- _Aim of the task_
Return the data below unchanged, without images.
▶
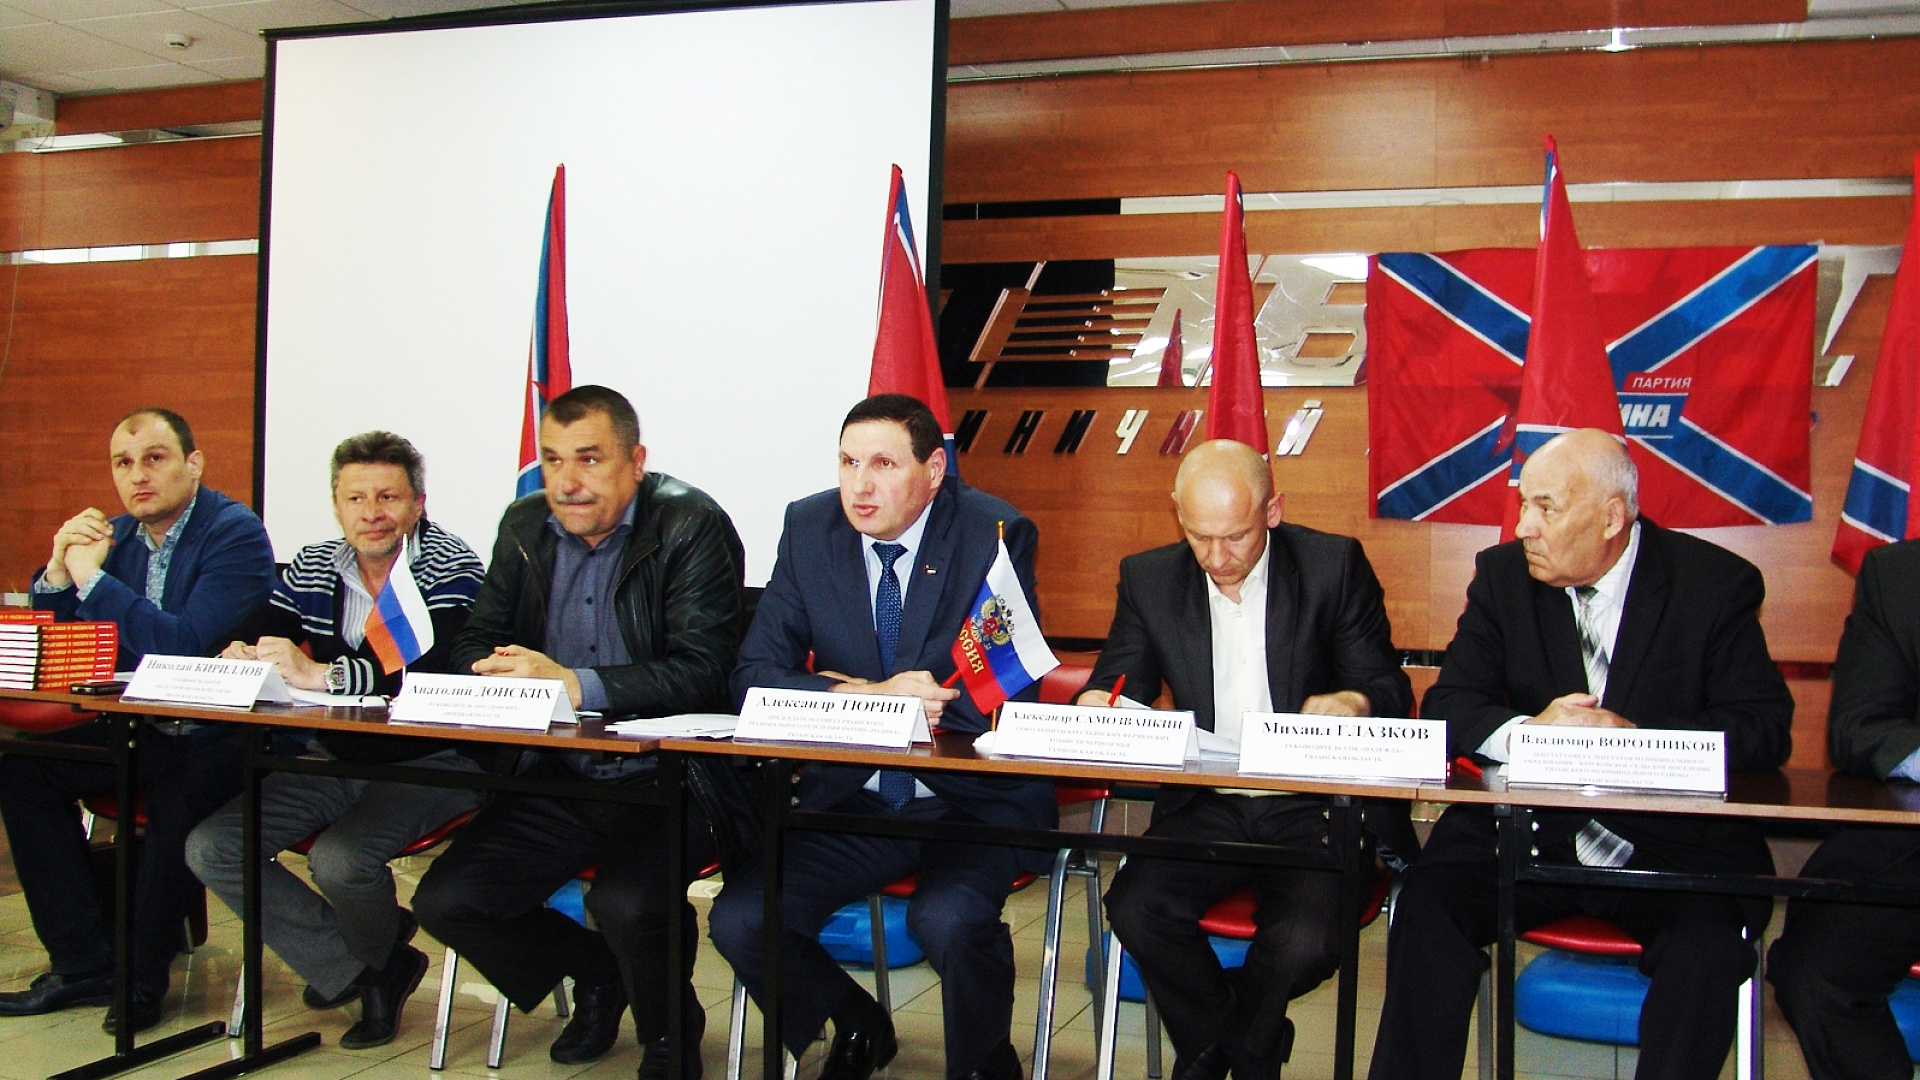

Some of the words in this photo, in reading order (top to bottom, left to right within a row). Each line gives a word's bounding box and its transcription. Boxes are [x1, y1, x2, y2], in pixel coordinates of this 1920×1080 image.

[1632, 377, 1692, 388] ПАРТИЯ
[1619, 403, 1671, 428] ИНА
[959, 627, 985, 675] ССИЯ
[147, 660, 192, 672] Николай
[194, 662, 264, 677] КИРИЛЛОВ
[408, 684, 474, 697] Анатолий
[475, 685, 554, 700] ДОНСКИХ
[756, 695, 836, 713] Александр
[841, 699, 906, 714] ТЮРИН
[1010, 711, 1072, 724] Александр
[1075, 714, 1183, 729] САМОЗВАНКИН
[1262, 721, 1331, 736] Михаил
[1337, 724, 1430, 740] ГЛАЗКОВ
[1521, 733, 1594, 749] Владимир
[1598, 737, 1717, 752] ВОРОТНИКОВ
◀
- _Answer_
Some of the words in this photo, in reading order (top to bottom, left to right within a row). Each line gives a word's bounding box and its transcription. Boxes are [x1, y1, x2, y2], in pixel coordinates of this 1920×1080 image.

[1632, 377, 1692, 388] ПАРТИЯ
[1619, 403, 1671, 428] ИНА
[959, 627, 985, 675] ССИЯ
[147, 660, 192, 672] Николай
[194, 662, 264, 677] КИРИЛЛОВ
[408, 684, 474, 697] Анатолий
[475, 685, 554, 700] ДОНСКИХ
[756, 695, 836, 713] Александр
[841, 699, 906, 714] ТЮРИН
[1010, 711, 1072, 724] Александр
[1075, 714, 1183, 729] САМОЗВАНКИН
[1262, 721, 1331, 736] Михаил
[1337, 724, 1430, 740] ГЛАЗКОВ
[1521, 733, 1594, 749] Владимир
[1598, 737, 1717, 752] ВОРОТНИКОВ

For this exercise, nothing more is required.